• **PROBLEM**: Print the records below exactly as they appear. Omit all pictures.
===== SOURCE RECORDS
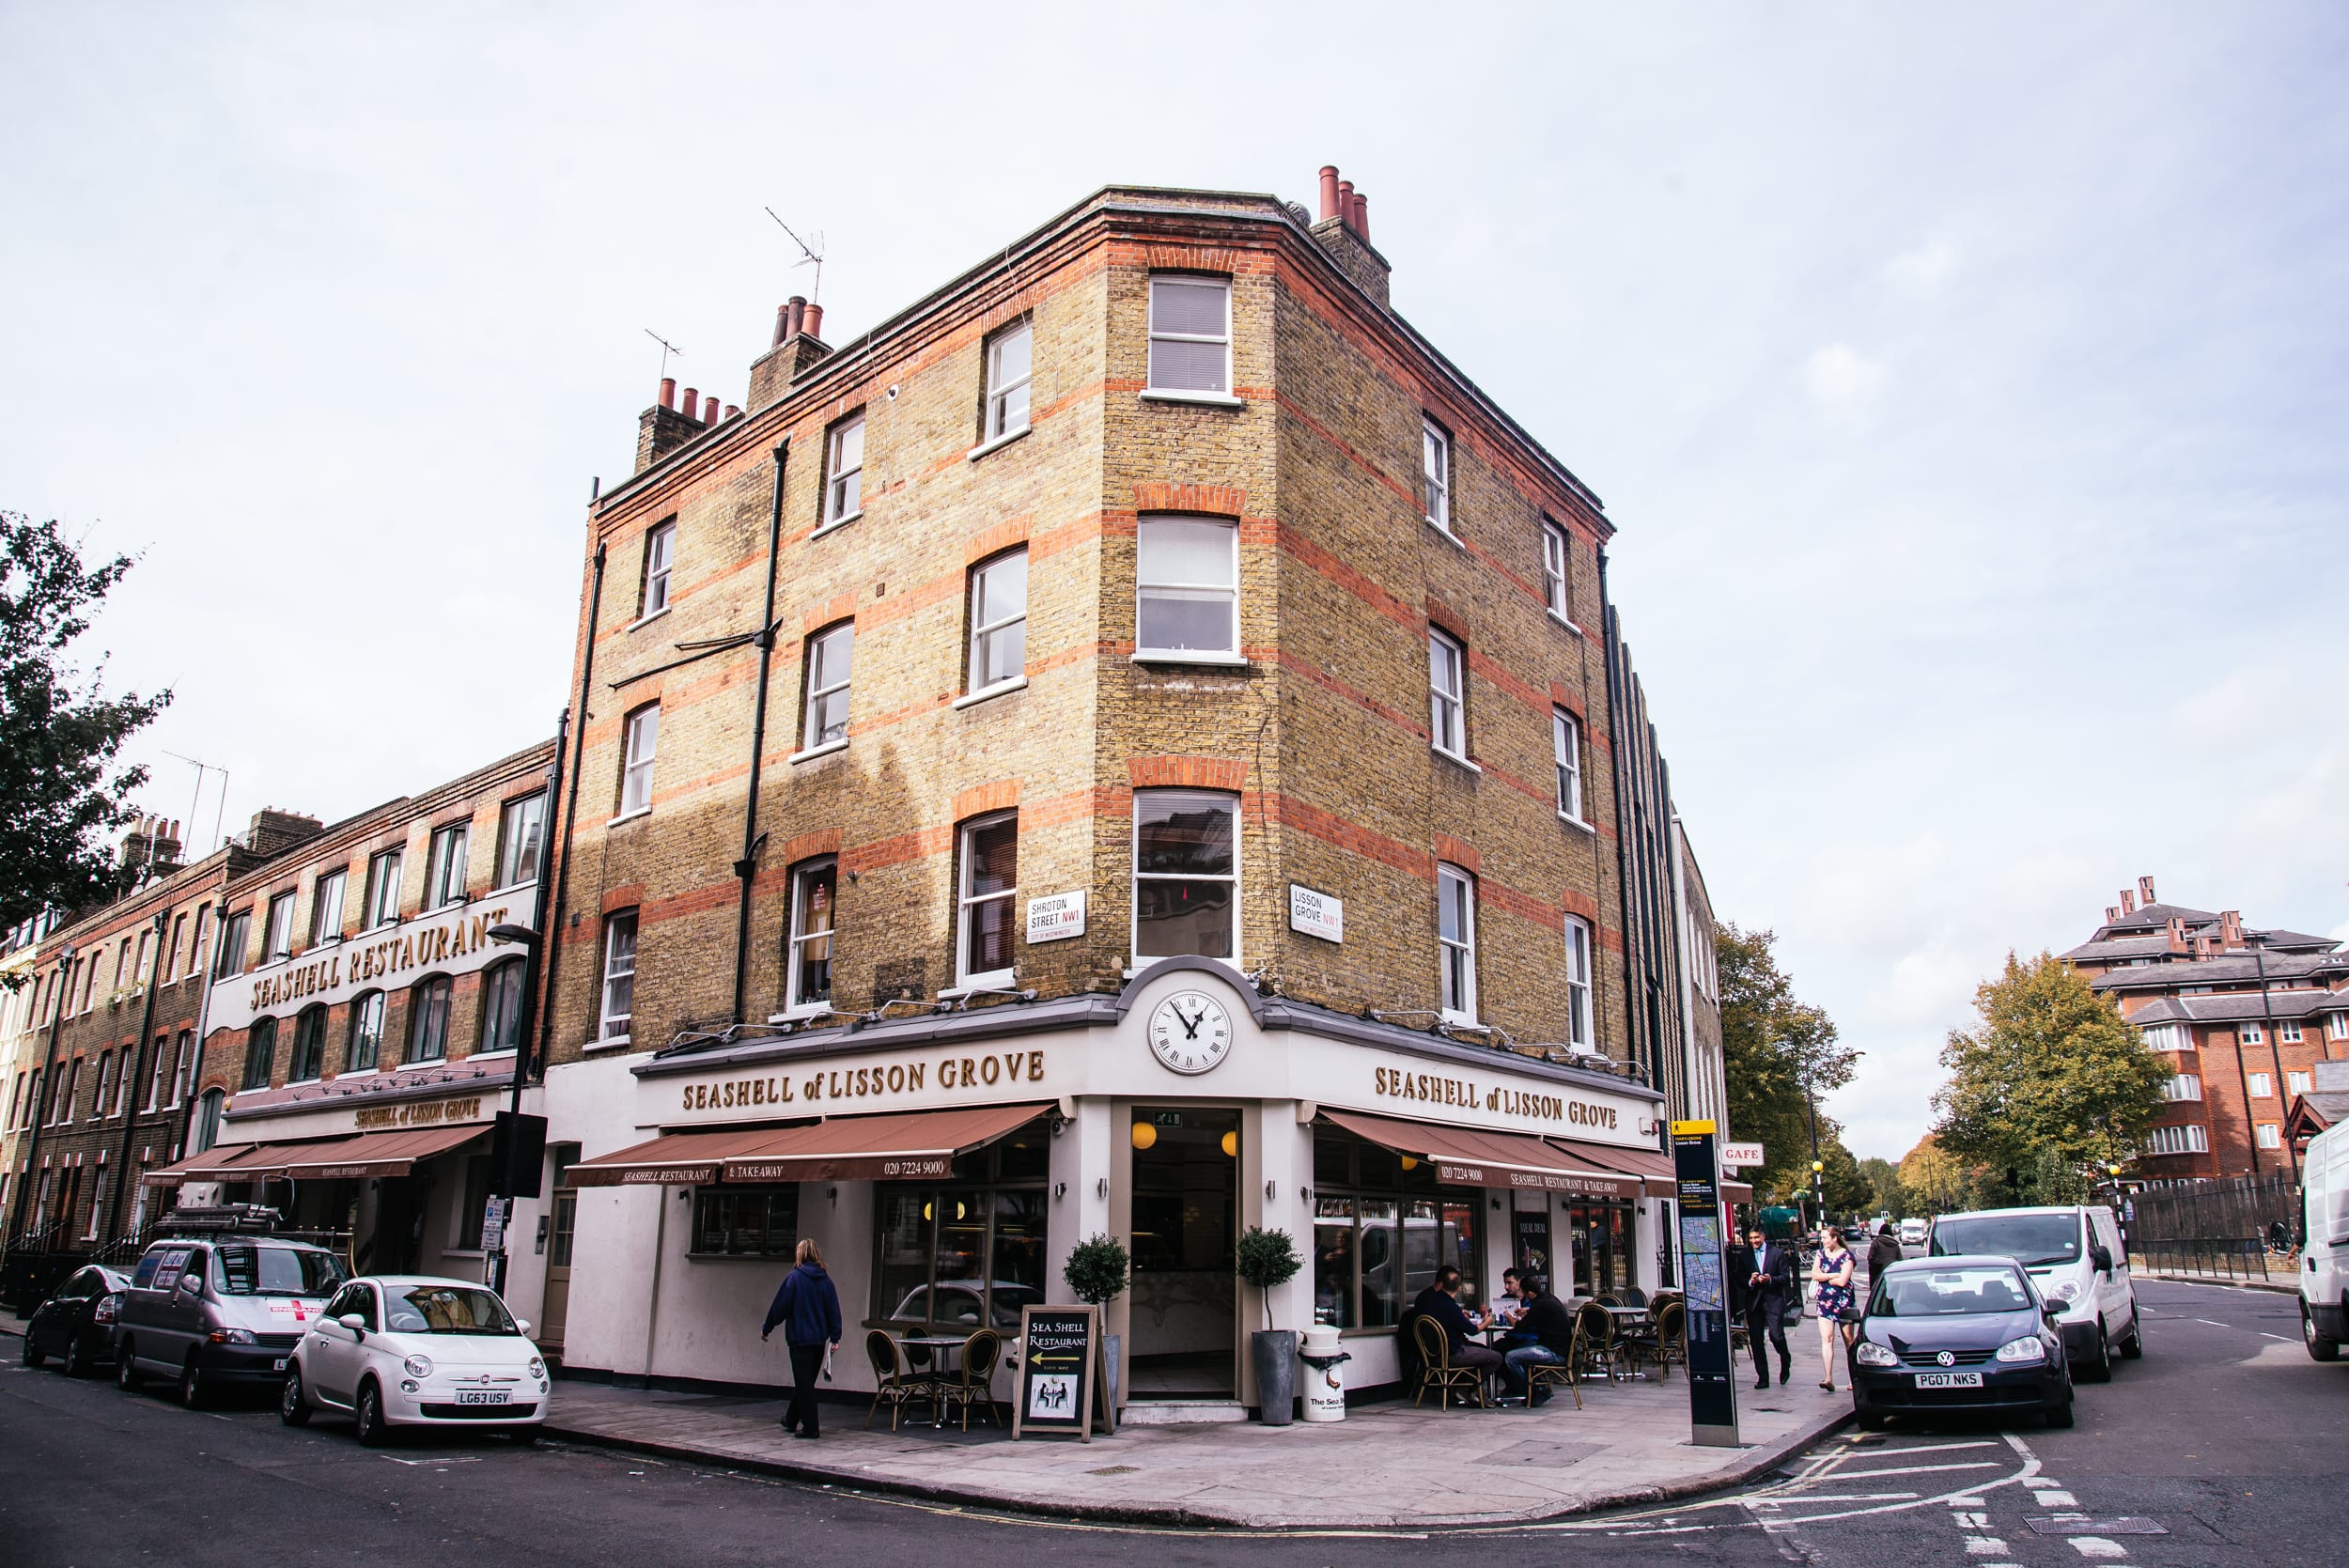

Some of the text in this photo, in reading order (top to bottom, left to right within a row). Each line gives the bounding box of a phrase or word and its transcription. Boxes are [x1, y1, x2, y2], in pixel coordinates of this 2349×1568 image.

[1032, 898, 1067, 915] SHROTON
[1295, 891, 1322, 909] LISSON
[1032, 909, 1080, 928] STREET NW1
[1295, 905, 1339, 927] GROVE NW1
[250, 907, 508, 1010] SEASHELL RESTAURANT
[683, 1050, 1045, 1110] SEASHELL of LISSON GROVE
[1375, 1066, 1618, 1128] SEASHELL of LISSON GROVE
[354, 1097, 481, 1126] SEASHELL of LISSON GROVE
[622, 1169, 711, 1182] SEASHELL RESTAURANT
[738, 1165, 784, 1178] TAKEAWAY
[884, 1160, 944, 1174] 020 7224 9000
[1441, 1166, 1483, 1182] 020 7224 9000
[1511, 1173, 1544, 1187] SEASHELL
[1545, 1176, 1582, 1190] RESTAURANT
[1589, 1181, 1618, 1193] TAKEAWAY
[1032, 1322, 1085, 1332] SEA SHELL
[1029, 1335, 1087, 1348] RESTAURANT
[1921, 1374, 1977, 1386] PG07 NKS
[459, 1392, 509, 1404] LG63 USV
==========
• **ANSWER**:
Some of the text in this photo, in reading order (top to bottom, left to right within a row). Each line gives the bounding box of a phrase or word and its transcription. Boxes are [x1, y1, x2, y2], in pixel coordinates of this 2349×1568 image.

[1032, 898, 1067, 915] SHROTON
[1295, 891, 1322, 909] LISSON
[1032, 909, 1080, 928] STREET NW1
[1295, 905, 1339, 927] GROVE NW1
[250, 907, 508, 1010] SEASHELL RESTAURANT
[683, 1050, 1045, 1110] SEASHELL of LISSON GROVE
[1375, 1066, 1618, 1128] SEASHELL of LISSON GROVE
[354, 1097, 481, 1126] SEASHELL of LISSON GROVE
[622, 1169, 711, 1182] SEASHELL RESTAURANT
[738, 1165, 784, 1178] TAKEAWAY
[884, 1160, 944, 1174] 020 7224 9000
[1441, 1166, 1483, 1182] 020 7224 9000
[1511, 1173, 1544, 1187] SEASHELL
[1545, 1176, 1582, 1190] RESTAURANT
[1589, 1181, 1618, 1193] TAKEAWAY
[1032, 1322, 1085, 1332] SEA SHELL
[1029, 1335, 1087, 1348] RESTAURANT
[1921, 1374, 1977, 1386] PG07 NKS
[459, 1392, 509, 1404] LG63 USV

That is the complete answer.